The lines to reproduce run from the one containing "Some of the text" through the final line of the entries; write them out exactly and add nothing.

» **PROVIDED INFORMATION**:
********************

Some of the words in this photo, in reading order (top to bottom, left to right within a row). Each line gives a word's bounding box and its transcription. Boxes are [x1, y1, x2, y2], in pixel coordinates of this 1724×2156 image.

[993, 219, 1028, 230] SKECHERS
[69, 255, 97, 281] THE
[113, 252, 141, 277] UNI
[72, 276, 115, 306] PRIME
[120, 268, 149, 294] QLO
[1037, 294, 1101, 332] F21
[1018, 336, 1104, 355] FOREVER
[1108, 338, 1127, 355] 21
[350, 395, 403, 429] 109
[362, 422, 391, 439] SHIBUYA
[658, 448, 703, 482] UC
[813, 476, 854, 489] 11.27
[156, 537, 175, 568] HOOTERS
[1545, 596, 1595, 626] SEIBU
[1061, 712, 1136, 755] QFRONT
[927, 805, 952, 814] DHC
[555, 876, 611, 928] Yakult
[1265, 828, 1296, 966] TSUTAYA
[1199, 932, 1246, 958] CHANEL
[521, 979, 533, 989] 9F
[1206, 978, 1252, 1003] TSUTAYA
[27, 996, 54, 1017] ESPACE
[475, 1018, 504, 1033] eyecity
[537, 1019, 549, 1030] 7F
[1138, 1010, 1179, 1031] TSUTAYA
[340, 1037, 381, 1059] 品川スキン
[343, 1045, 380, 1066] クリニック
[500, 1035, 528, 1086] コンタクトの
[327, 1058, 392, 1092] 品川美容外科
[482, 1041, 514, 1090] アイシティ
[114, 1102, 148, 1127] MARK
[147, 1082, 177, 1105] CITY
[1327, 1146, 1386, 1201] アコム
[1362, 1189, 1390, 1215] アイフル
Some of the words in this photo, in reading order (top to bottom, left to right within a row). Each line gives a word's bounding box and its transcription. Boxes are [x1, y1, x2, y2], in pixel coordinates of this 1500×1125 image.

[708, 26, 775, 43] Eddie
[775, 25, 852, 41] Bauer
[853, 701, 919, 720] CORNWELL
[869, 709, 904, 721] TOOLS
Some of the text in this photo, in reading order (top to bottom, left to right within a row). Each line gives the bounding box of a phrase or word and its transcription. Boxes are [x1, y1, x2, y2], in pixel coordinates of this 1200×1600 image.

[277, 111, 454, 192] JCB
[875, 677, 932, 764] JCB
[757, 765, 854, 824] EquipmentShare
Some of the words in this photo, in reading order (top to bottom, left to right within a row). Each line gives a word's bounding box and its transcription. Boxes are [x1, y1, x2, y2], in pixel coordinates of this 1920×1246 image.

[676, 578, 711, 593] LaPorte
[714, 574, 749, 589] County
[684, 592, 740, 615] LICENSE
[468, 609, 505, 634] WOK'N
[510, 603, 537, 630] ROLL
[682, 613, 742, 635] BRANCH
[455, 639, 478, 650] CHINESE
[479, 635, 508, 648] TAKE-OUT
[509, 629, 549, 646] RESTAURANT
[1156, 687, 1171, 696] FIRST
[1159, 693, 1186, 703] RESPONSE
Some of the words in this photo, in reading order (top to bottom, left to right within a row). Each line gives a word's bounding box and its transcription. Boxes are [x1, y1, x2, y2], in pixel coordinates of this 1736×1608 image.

********************

» **OUTPUT OF THE TASK**:
Some of the text in this photo, in reading order (top to bottom, left to right within a row). Each line gives the bounding box of a phrase or word and its transcription. Boxes are [x1, y1, x2, y2], in pixel coordinates of this 1200×1600 image.

[277, 111, 454, 192] JCB
[875, 677, 932, 764] JCB
[757, 765, 854, 824] EquipmentShare
Some of the words in this photo, in reading order (top to bottom, left to right within a row). Each line gives a word's bounding box and its transcription. Boxes are [x1, y1, x2, y2], in pixel coordinates of this 1920×1246 image.

[676, 578, 711, 593] LaPorte
[714, 574, 749, 589] County
[684, 592, 740, 615] LICENSE
[468, 609, 505, 634] WOK'N
[510, 603, 537, 630] ROLL
[682, 613, 742, 635] BRANCH
[455, 639, 478, 650] CHINESE
[479, 635, 508, 648] TAKE-OUT
[509, 629, 549, 646] RESTAURANT
[1156, 687, 1171, 696] FIRST
[1159, 693, 1186, 703] RESPONSE
Some of the words in this photo, in reading order (top to bottom, left to right within a row). Each line gives a word's bounding box and its transcription. Boxes are [x1, y1, x2, y2], in pixel coordinates of this 1736×1608 image.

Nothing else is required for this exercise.